Acordo internacional depende agora da assinatura do presidente Vladimir Putin para entrar em vigor em 2005
Câmara russa aprova Protocolo de Kyoto
Da redação
A Duma, Câmara Baixa do Parlamento russo, aprovou ontem o Protocolo de Kyoto, acordo ambiental internacional que prevê a redução da emissão de gases que provocam o efeito estufa.
A proposta foi sancionada por 334 votos contra 73, com duas abstenções. Ela deve ser analisada pela Câmara Alta no dia 27, segundo a agência de notícias Interfax, e então seguirá para o presidente Vladimir Putin, que terá 15 dias para assinar o texto.

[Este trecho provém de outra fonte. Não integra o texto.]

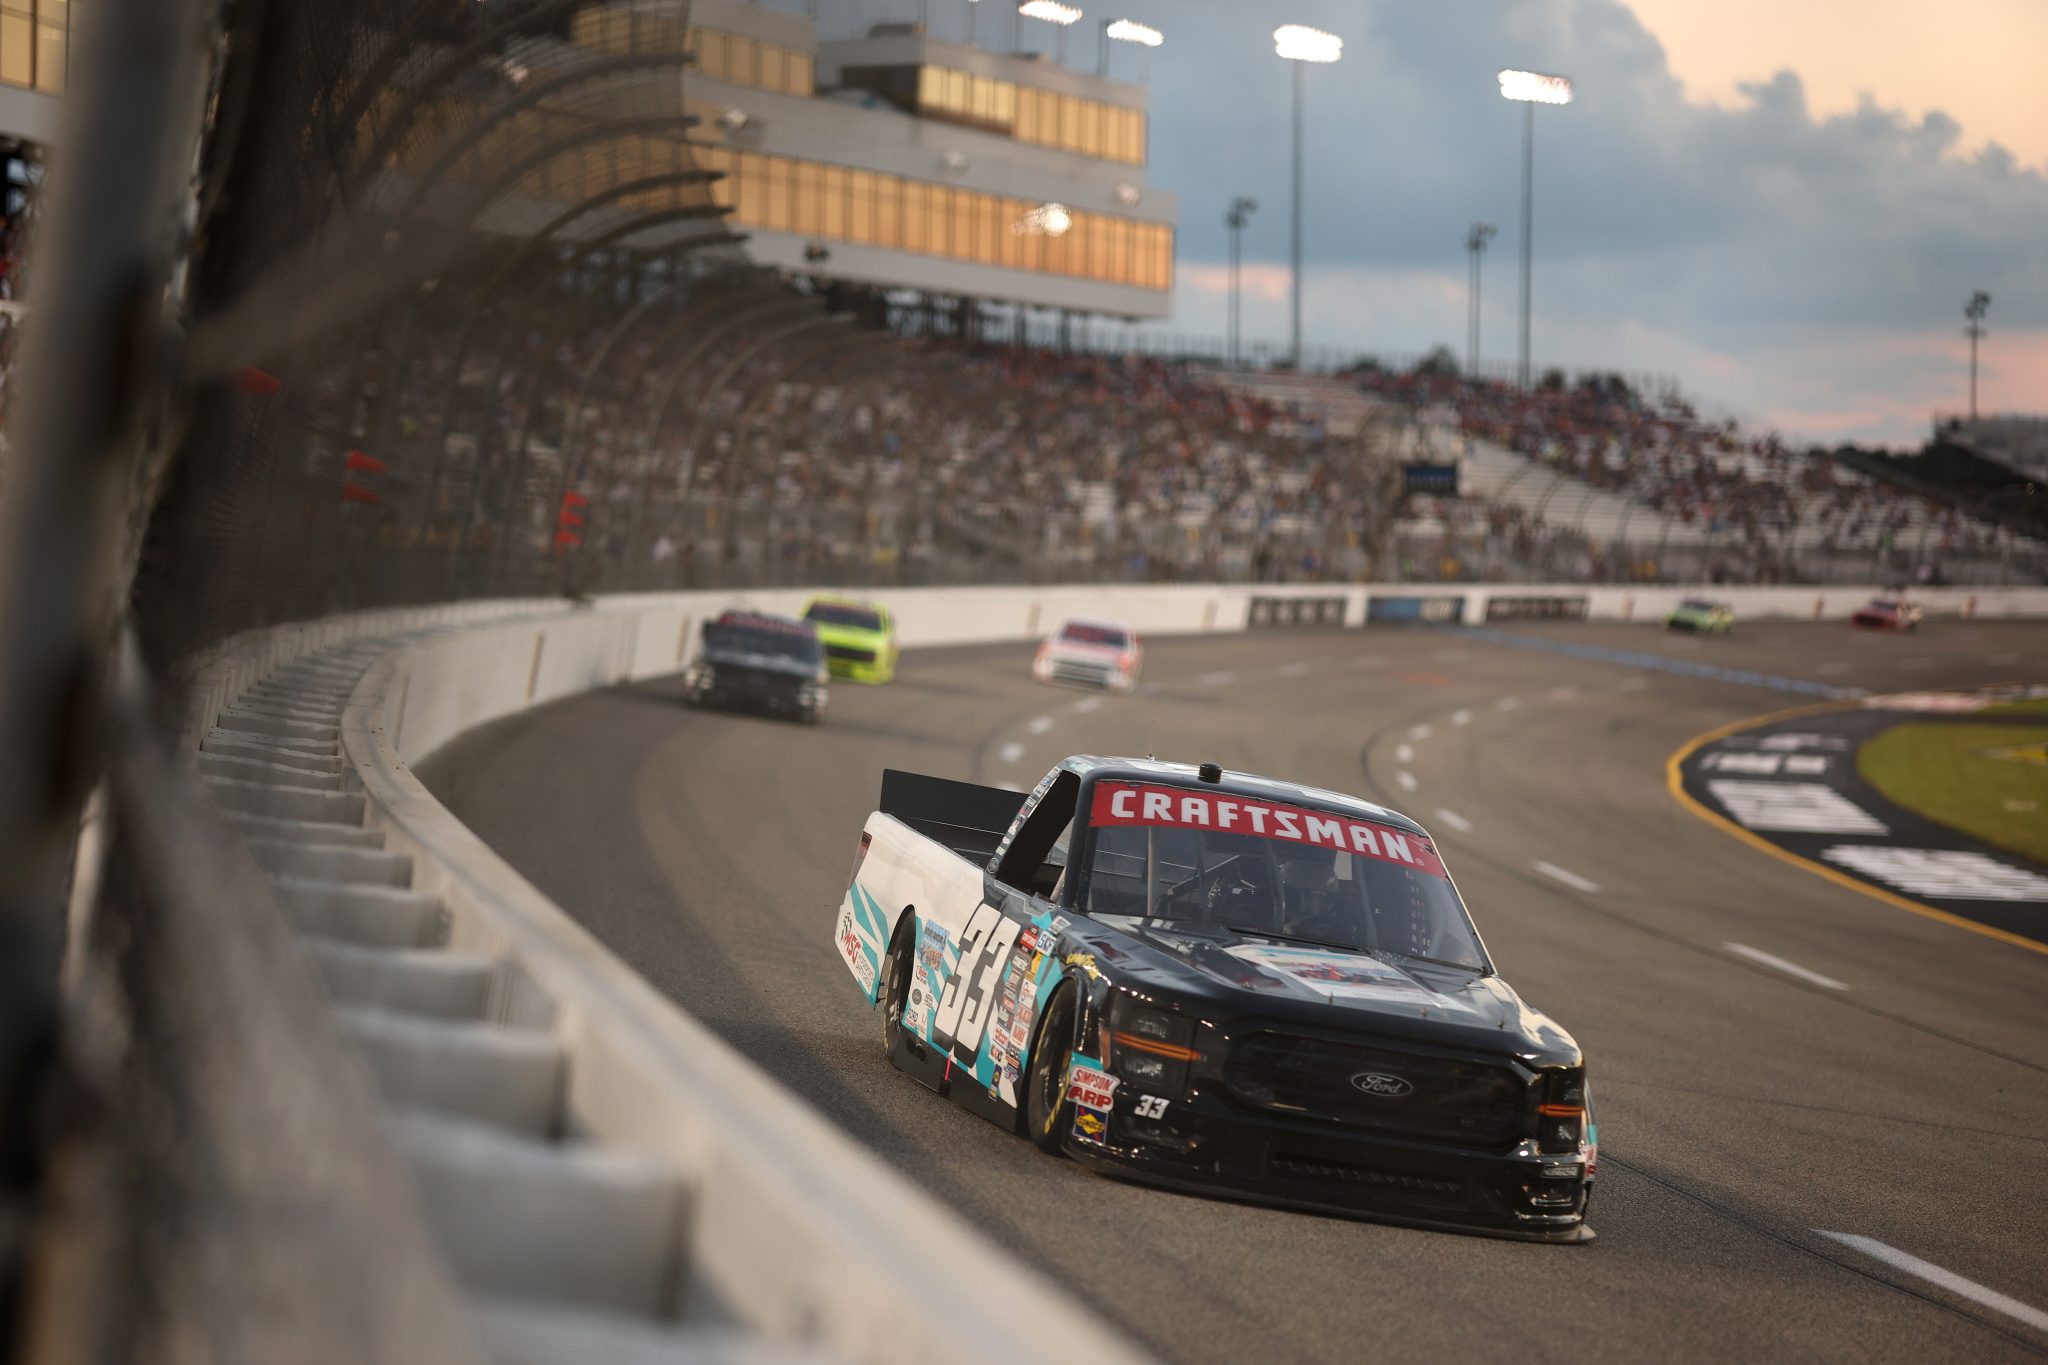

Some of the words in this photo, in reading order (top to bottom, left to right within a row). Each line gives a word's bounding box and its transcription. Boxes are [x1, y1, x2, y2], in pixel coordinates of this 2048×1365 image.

Caso a Rússia confirme sua participação, o acordo passa a vigorar no ano que vem, com 61% das emissões registradas pelos países ricos em 1990. O protocolo precisa ser aprovado como lei por pelo menos 55 países que respondam por 55% das emissões do mundo industrializado registradas em 1990. Atualmente, tem o apoio de 126 nações, entre elas o Brasil, que se comprometem a reduzir as emissões até 2012.
A Rússia -terceiro maior emissor de dióxido de carbono do mundo- detém o poder de salvar o tratado ou deixá-lo escorregar pela mesa de negociações desde 2001, quando os EUA, principal nação poluidora, rejeitaram Kyoto ao alegar dano à economia.
Putin usou a posição favorável como ferramenta política a partir de então. A comunidade internacional já cogitava acordos alternativos ao protocolo -como planos unilaterais europeus- para reduzir o impacto dos gases poluentes no ambiente.
Em maio, o presidente russo demonstrou interesse em apressar a ratificação do acordo em troca do apoio da União Européia para a entrada russa na Organização Mundial do Comércio. Em setembro, pediu a seus ministros que aprovassem os termos e agilizou a votação na Duma, majoritariamente governista.
A aprovação, apesar de esperada, foi comemorada pelos ambientalistas. "Brindaremos à Rússia com vodca", disse Steve Sawyer, do Greenpeace. "Os inimigos de Kyoto devem estar imersos em desgosto", afirmou Jennifer Morgan, do WWF (Fundo Mundial para a Natureza).
Na sede da União Européia, na Bélgica, o resultado foi comemorado com champanhe russo. O presidente da Comissão Européia, Romano Prodi, disse que o protocolo "pode não ser perfeito", mas o defendeu como a "única ferramenta efetiva disponível" para combater o efeito estufa.
Para o diretor do Programa das Nações Unidas para o Meio Ambiente, Klaus Töpfer, a decisão é um incentivo aos esforços globais para alcançar as metas do acordo, ainda que "o objetivo de estabilizar o clima e assegurar o equilíbrio do planeta esteja distante".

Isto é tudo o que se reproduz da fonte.